As the bandages came free, Arynn stared down in wonder at
her leg. Where a gaping wound should have been, was only a fine white scar.
"How long have I been here?" she asked, and
Selena looked up.
"I found you last night, you've slept through the
morning," she informed the hunter who blinked. It began to sink in; this
woman was a practitioner of magic. The abode itself was certainly a strong
hint, but this kind of healing did not happen without the aid of one of the
Gods. Up here in Aenkleth, that meant the woman was either an apostate, or
worshipped one of the dark Gods of Hell. Neither of which was good for Arynn.
Her sword was all the way across the bed. She had her
bare hands, but she wasn't sure how quick the woman would be with her spell
craft. Selena's eyes snapped up to Arynn.
"I could have left you out there. It was tempting.
People doing what they thought was good gave me this," she said,
fingertips gesturing to the line across her throat. This close, Arynn could see
it was the scars of a noose.
"You demon hunters are even worse.

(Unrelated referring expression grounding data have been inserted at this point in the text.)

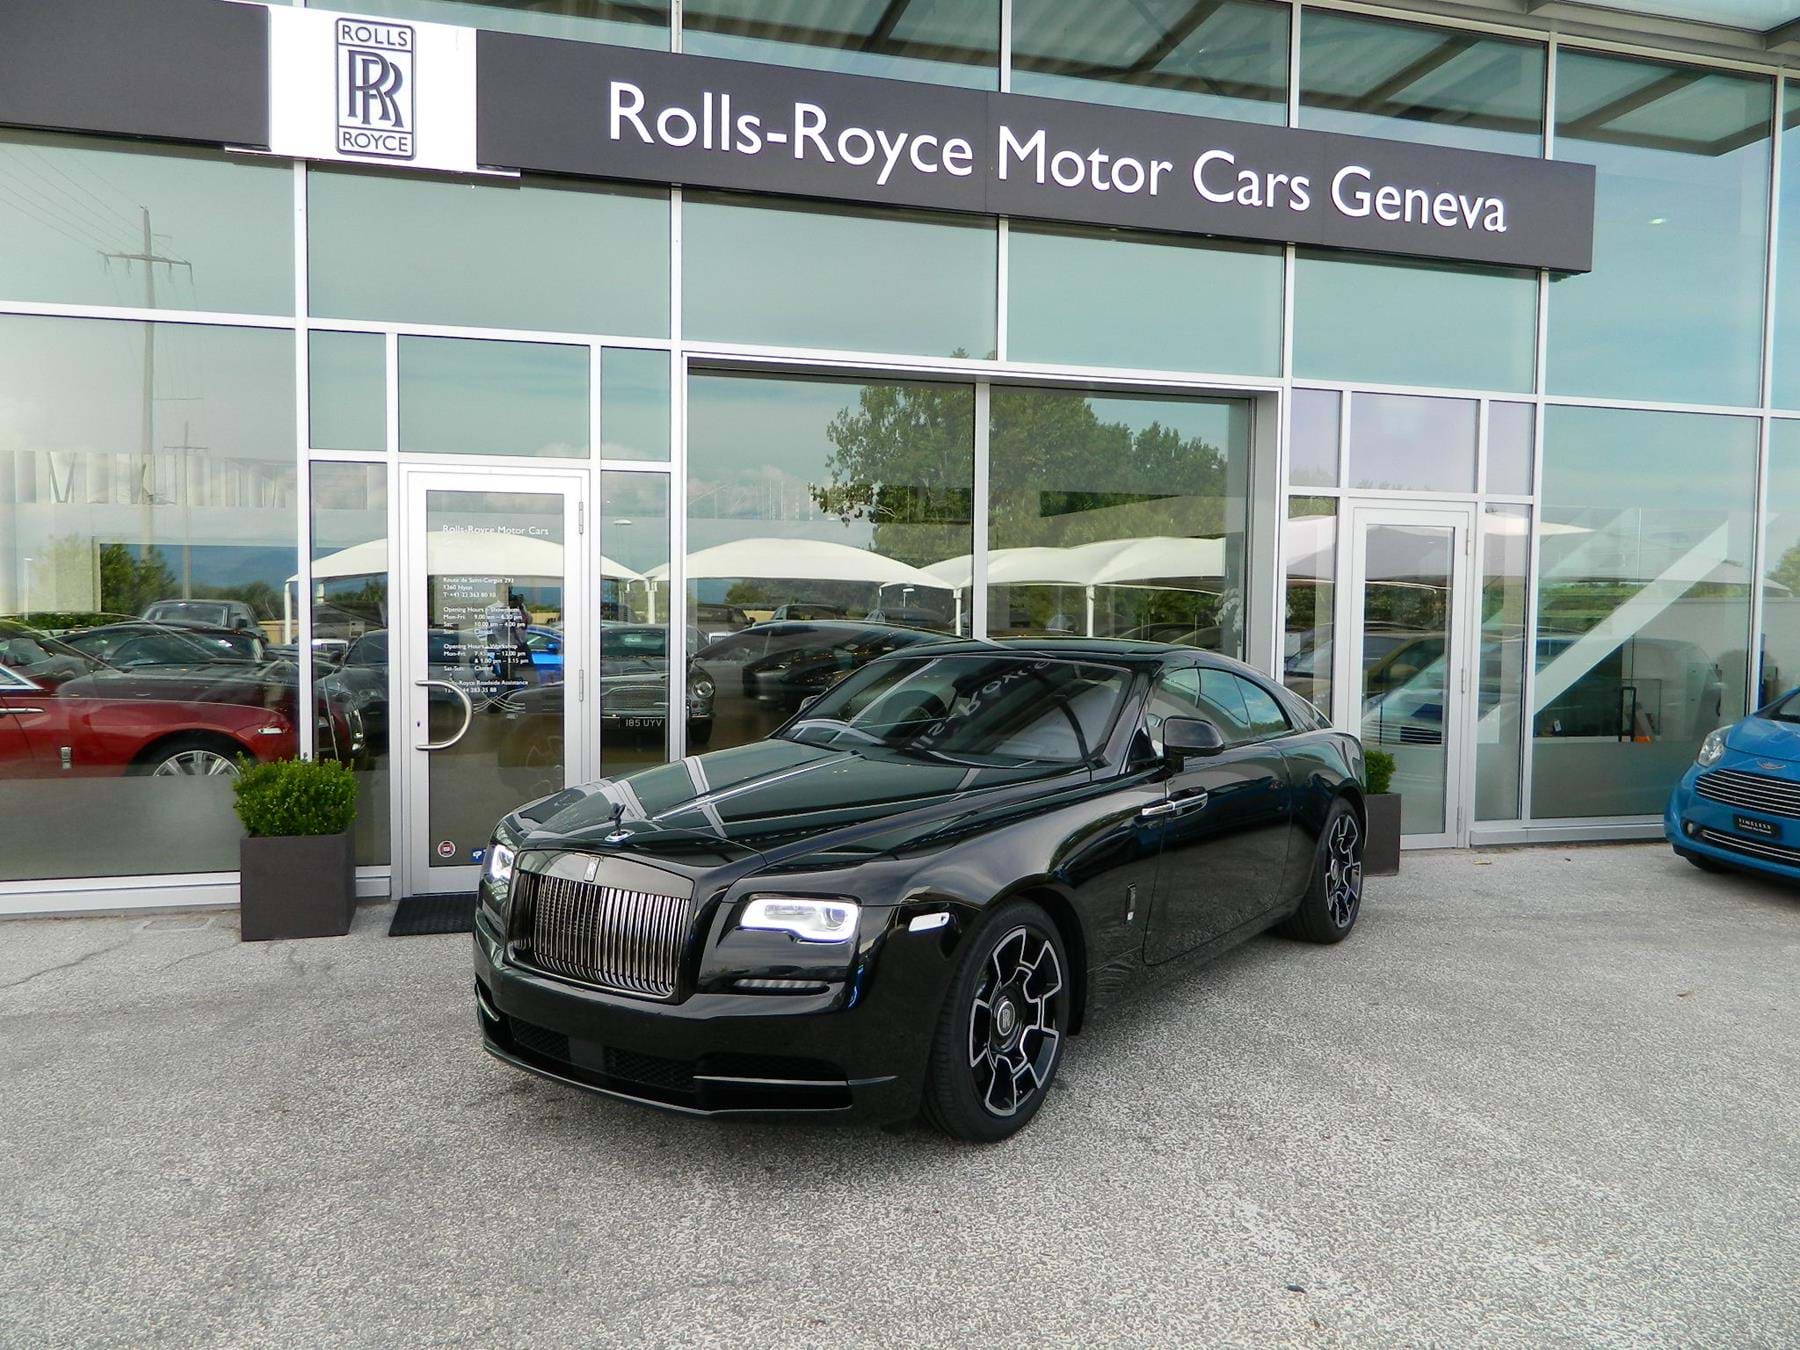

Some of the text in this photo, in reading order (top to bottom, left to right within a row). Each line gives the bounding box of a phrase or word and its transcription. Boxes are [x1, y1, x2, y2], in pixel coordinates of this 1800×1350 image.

[342, 24, 408, 47] ROLLS
[342, 131, 408, 152] ROYCE
[608, 80, 1509, 234] Rolls-Royce Motor Cars Geneva
[442, 524, 549, 535] Rolls-Royce Motor Cars
[643, 719, 663, 727] UYV

Hunting and
killing things that don't follow your Gods without trying to understand those
you slay. This is my home hunter, and I will emerge from it alive no matter
your actions. No matter that Lyxa wishes you alive for some reason," the
witch said with narrowed eyes.
Arynn had her answer though, and lay back, pulling the
blanket over herself again. She thought of the raven that had woken her last
night, warned her of the druden attack just down the road. The bursting skull
of the drude that had tried to kill her. Pieces falling into place, Arynn
looked to Selena.
"It seems I find myself with strange allies in these
dark times," she admitted, partially for immediate practicality. Partially
because she knew Lyxa and Aalzgoth were not friends, and using the forces of
one against the other could only be beneficial.
Even as the words left her mouth though, Arynn could not
help but feel a clench of nervousness. If the witch spoke truth, then one of
the dark Gods had taken an interest in her. Selena grunted as she stood, moving
towards one of her counters. Her hips swayed gently with each step and Arynn
leaned back. The witch had seen her utterly bared, she felt it fair to savour a
peak.
As Selena grasped a string of vine like herbs hanging
before her, chopping them into fine slivers. A sweet scent flowed through the
cabin as oils flowed out onto the counter top. Selena glanced over her
shoulder, and Arynn let her eyes move upwards.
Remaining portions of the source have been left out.